Building on his past exploration of The Labor Theory of Value, Marx elaborates further on wages and what they reveal about the exploitation of workers. At the same time, he taps into a theme of analysis that recurs throughout much of Capital: that the real mechanisms of the capitalist mode of production are often “hidden” (682). The system of wages, whether paid in money or even through a share in agricultural production, hides the truth of worker exploitation and how much surplus value the employer wrings from their workers. The system makes it appear that workers are given a fair and rational compensation for their labor, but—as discussed in Part 5—that is not the case. Much of the worker’s labor remains unpaid, or, more specifically, it does not actually reflect how much profit the worker generates for the employer.

For Marx, the truth about the capitalist mode of production is not just hidden from workers. It is also hidden from classical economists like John Stuart Mill and H. Carey. They only “stumble approximately onto the true state of affairs” (682). In other words, the views of classical economists are rigged in favor of that of capitalists. Marx’s criticisms of these economists provide another example of his sarcastic and acidic writing style, especially when he dismisses H. Carey’s work as a “confused mass” (705). Finally, the reason Marx calls attention to national differences in average wages is that, despite significant national differences, the rule that the capitalist mode of production brings with it more productivity but not necessarily an increase in real wages—meaning an actual increase in the ability of workers to improve their subsistence and their ability to pay for leisure—holds true.

At the same time, Marx revisits The Relationship Between Base Structure and Superstructure. He contrasts capitalism with the feudal mode of production, where at least a peasant serf would know what time and money they spent on themselves and their families and when they worked for their lord through making agricultural productions for them or by building and repairing roads. This supports Marx’s contention that the capitalist mode of production is characterized by how it breaks down distinctions of personal time and energy and the employers’ time.

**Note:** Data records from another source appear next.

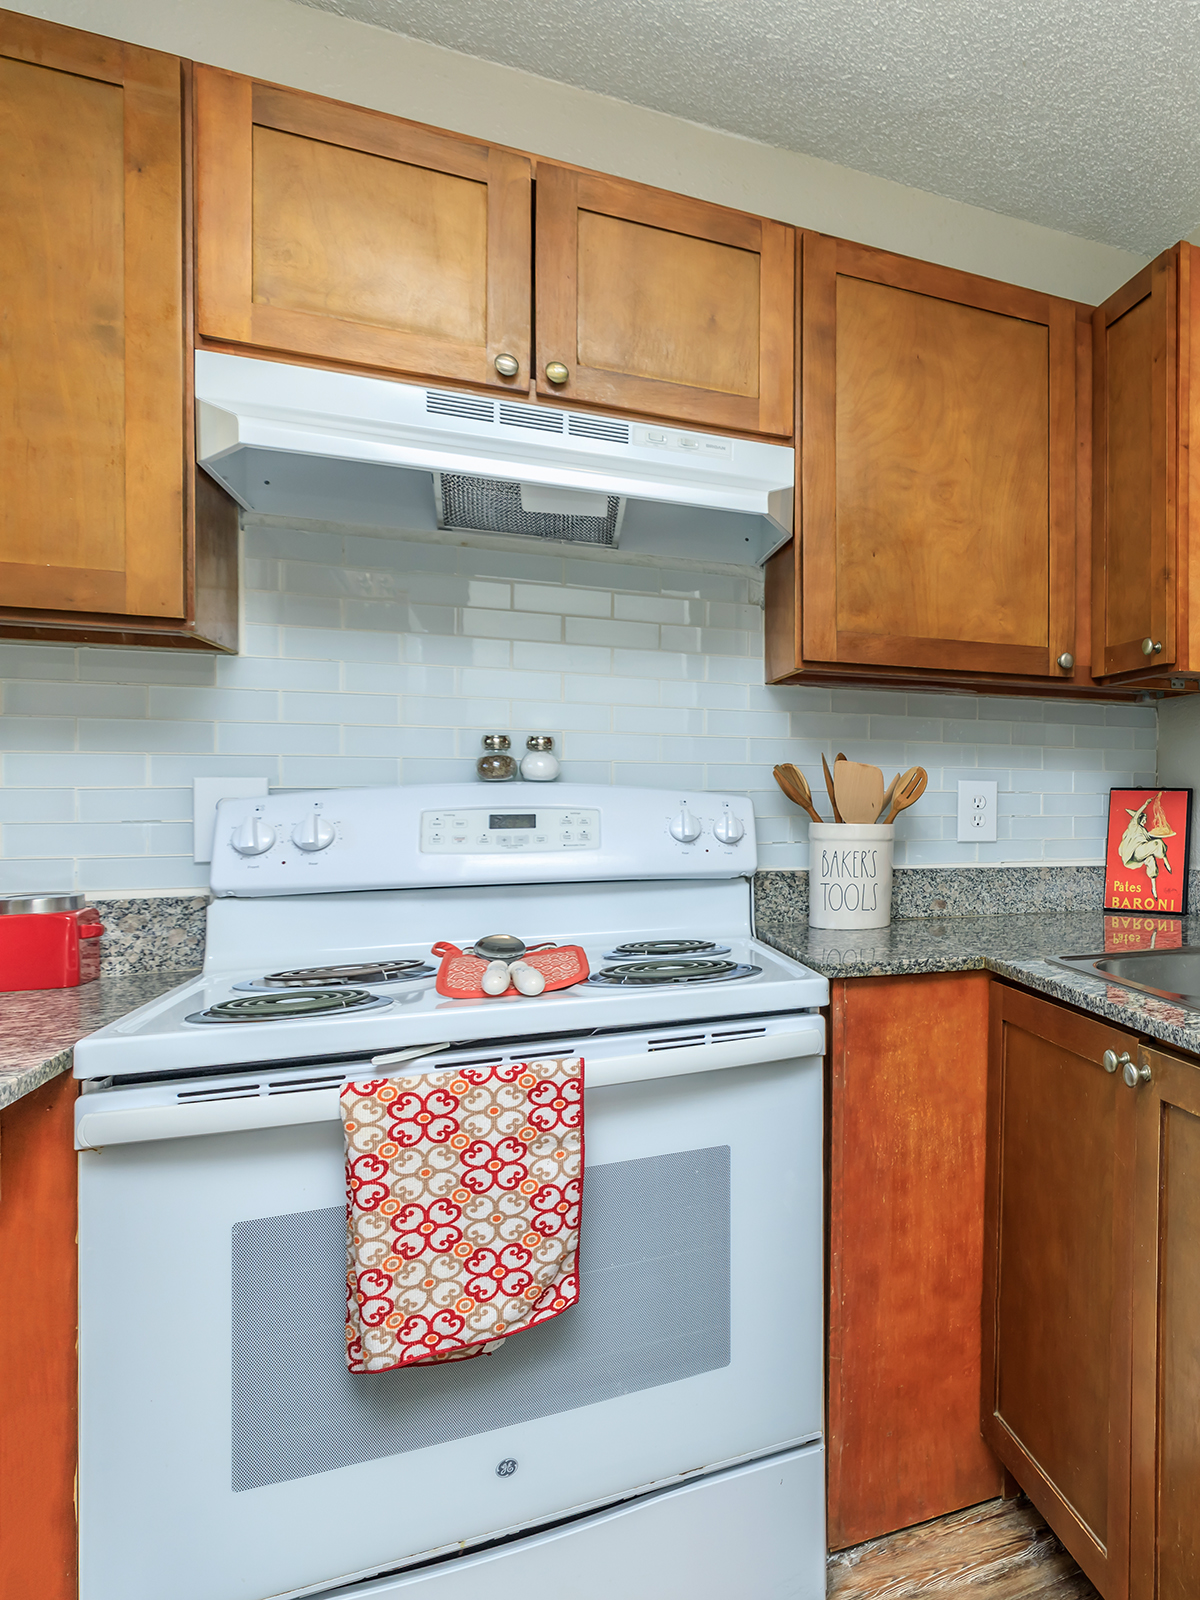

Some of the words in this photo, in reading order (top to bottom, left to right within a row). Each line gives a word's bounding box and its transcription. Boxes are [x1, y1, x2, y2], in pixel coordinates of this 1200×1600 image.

[821, 849, 878, 878] BAKER'S
[820, 882, 878, 911] TOOLS
[1112, 896, 1175, 911] BARONI
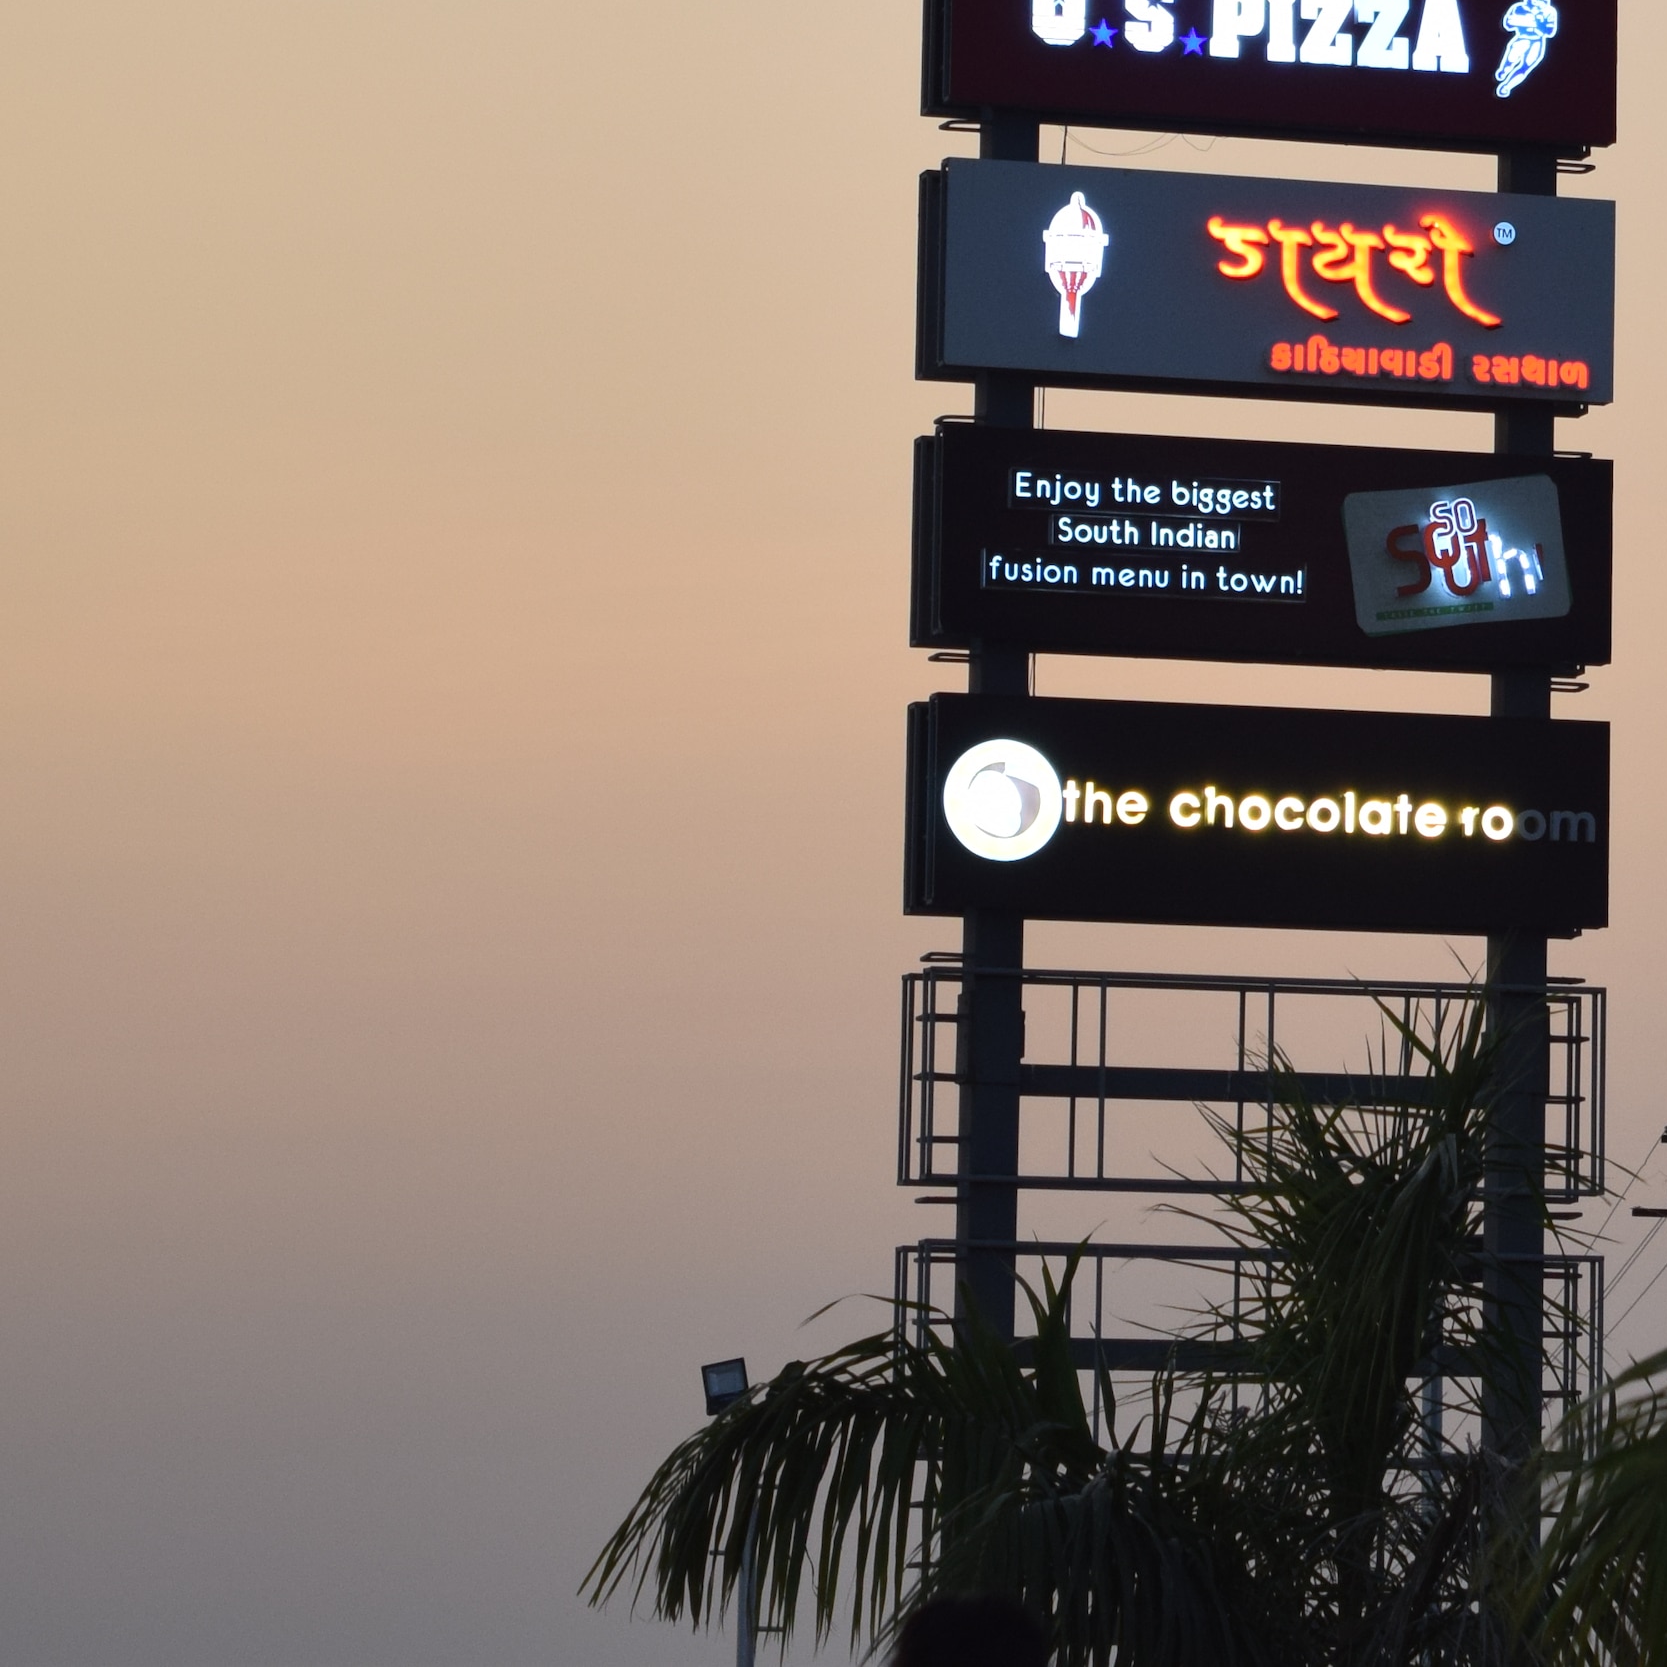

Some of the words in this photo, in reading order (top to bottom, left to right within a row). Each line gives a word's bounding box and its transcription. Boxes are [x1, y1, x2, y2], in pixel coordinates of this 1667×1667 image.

[1015, 471, 1100, 508] Enjoy
[1110, 476, 1161, 505] the
[1171, 479, 1276, 515] biggest
[1057, 516, 1140, 546] South
[1150, 520, 1236, 550] Indian
[988, 554, 1078, 584] fusion
[1091, 565, 1170, 589] menu
[1181, 563, 1206, 590] in
[1215, 564, 1304, 595] town!
[1063, 780, 1149, 825] the
[1169, 786, 1448, 838] chocolate
[1459, 804, 1596, 843] room
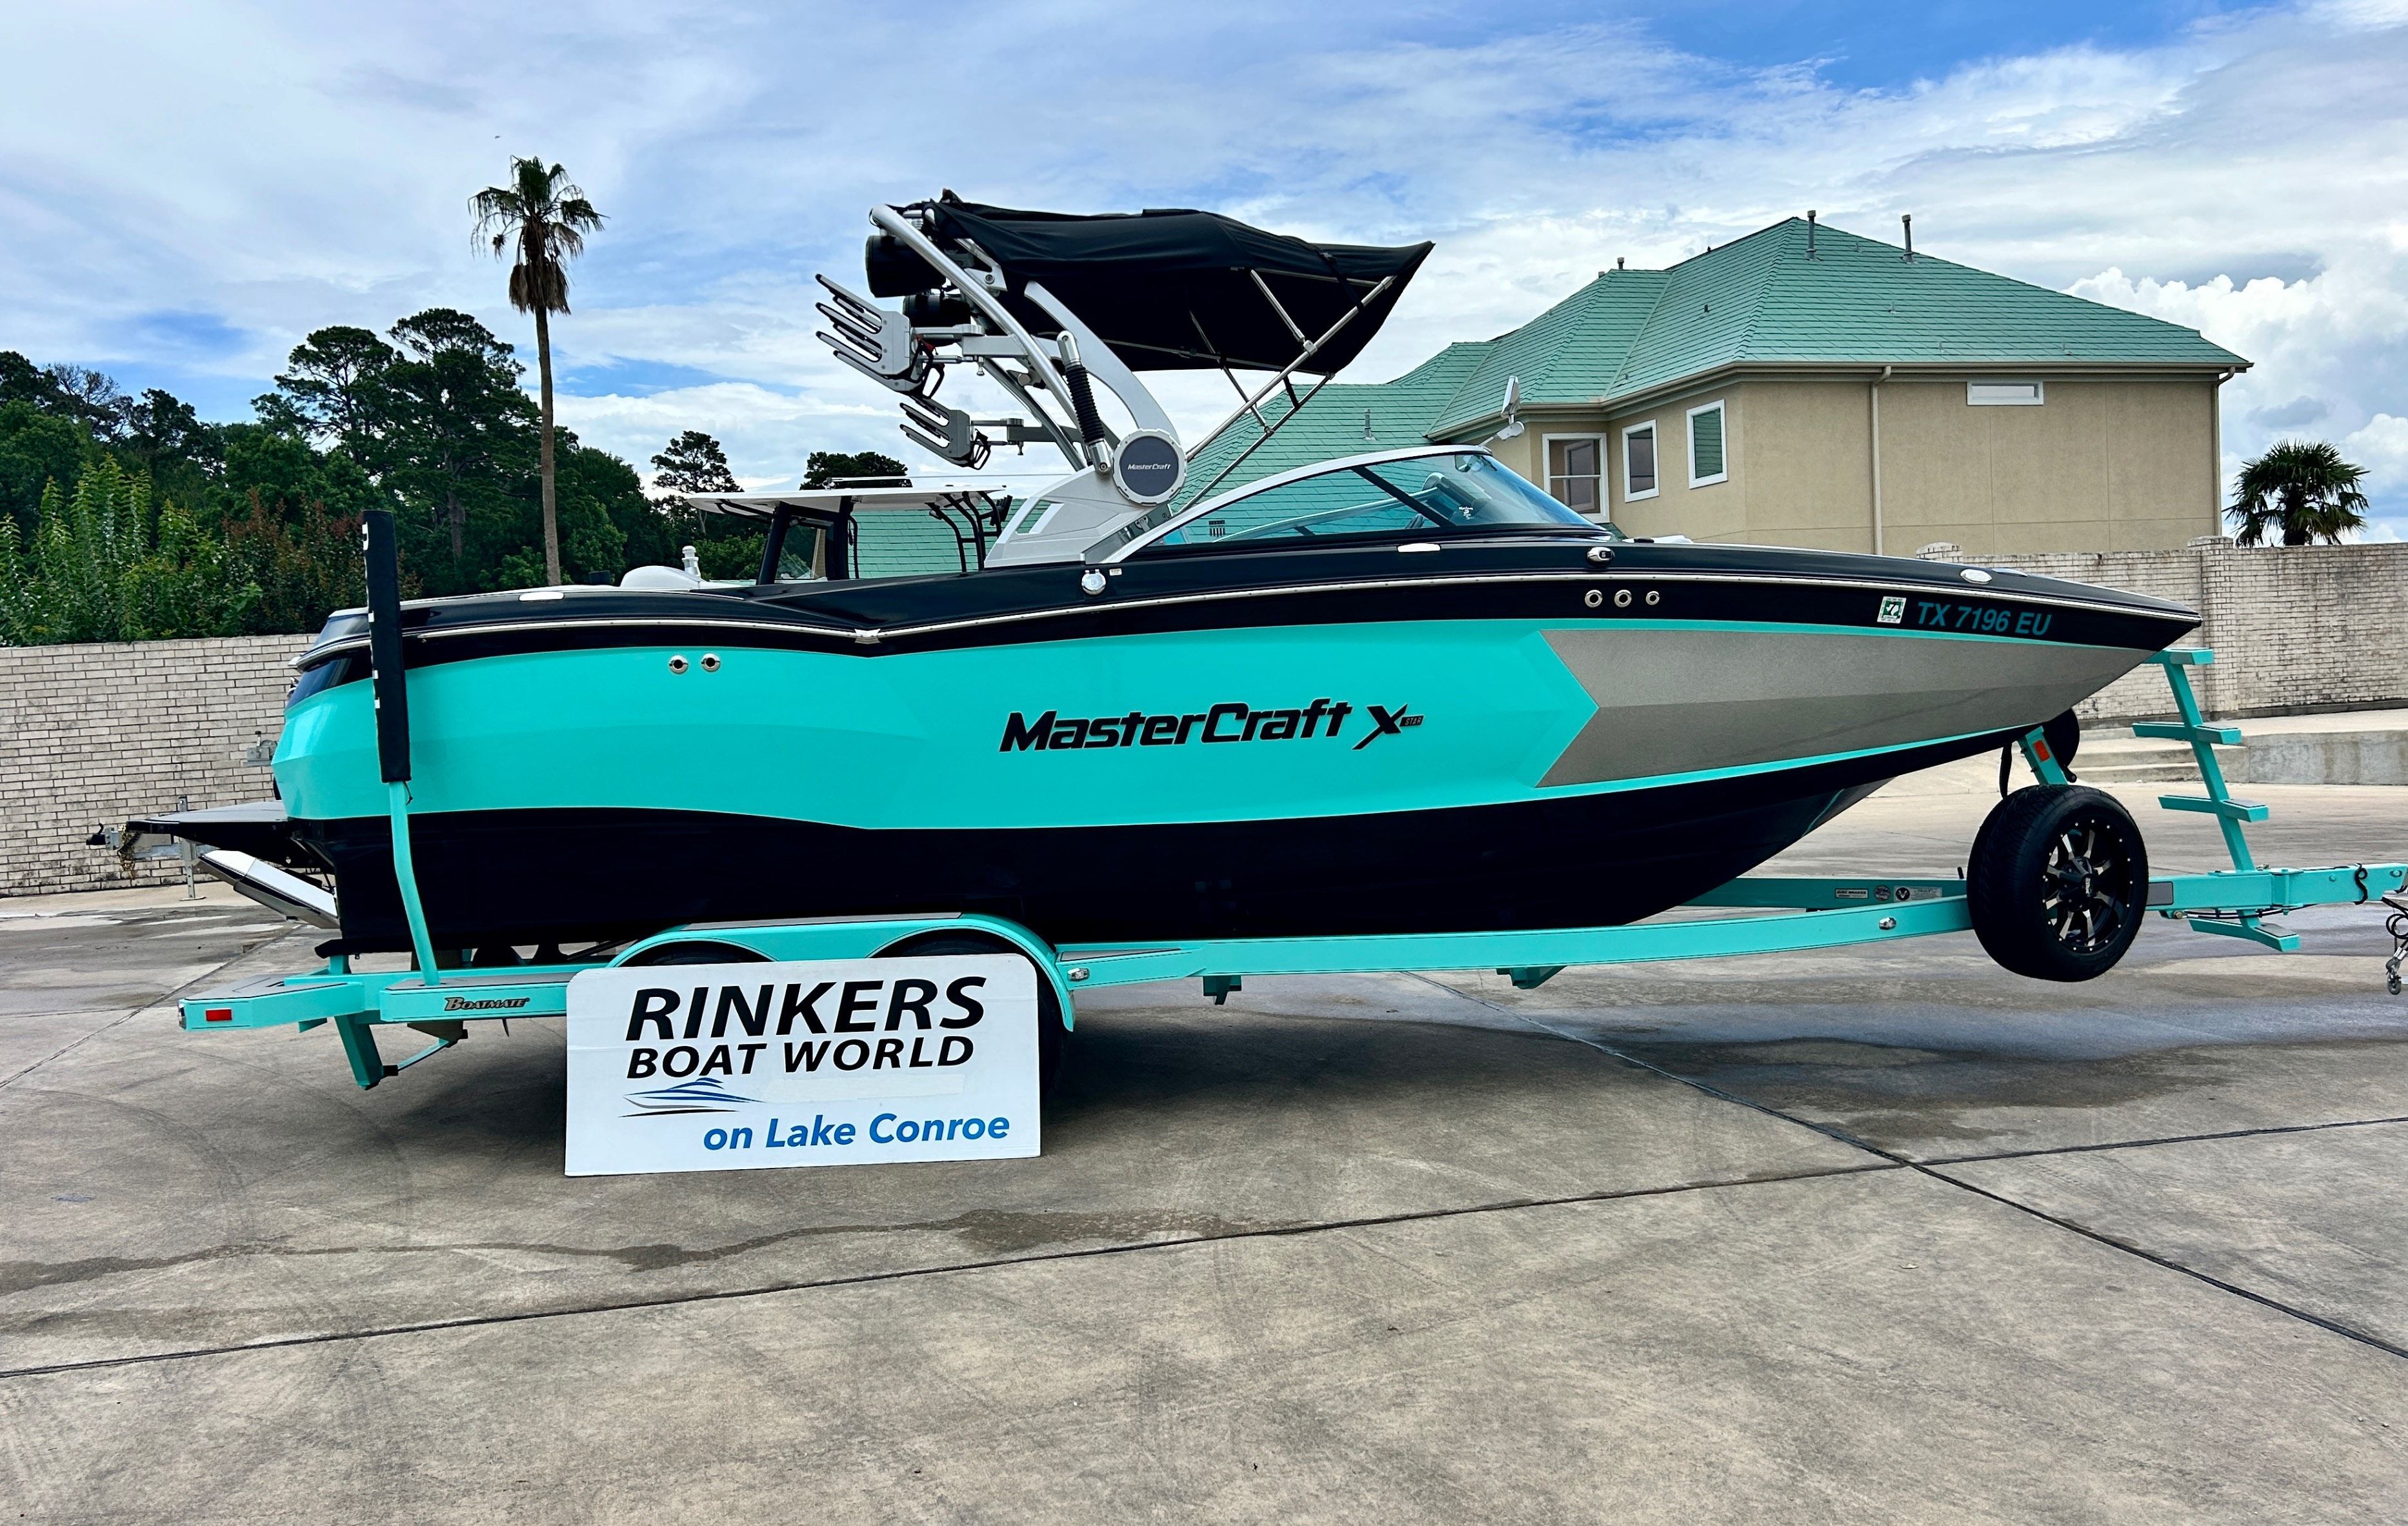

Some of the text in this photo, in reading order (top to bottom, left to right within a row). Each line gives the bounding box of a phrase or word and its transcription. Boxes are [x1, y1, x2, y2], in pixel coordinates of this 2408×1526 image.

[1918, 601, 2052, 636] TX 7196 EU
[999, 698, 1354, 752] MasterCraft
[625, 976, 987, 1041] RINKERS
[627, 1036, 974, 1079] BOAT WORLD
[703, 1112, 1010, 1151] on Lake Conroe

Some modern examples of this include how the time workers take to commute to work is still considered the employees’ personal time and is not compensated by their employers. Likewise, employees are often expected to provide or find their own means of transportation, to pay for parking at or near their place of employment, to provide or pay for their own meals, and sometimes even to work “off the clock” by, for example, being available to answer emails. In sum, the workers’ own pay from their own wages and their own time goes into providing themselves the means to be available and able to work. For Marx, such a system is a larger detriment to the worker than feudalism and has more in common with slavery.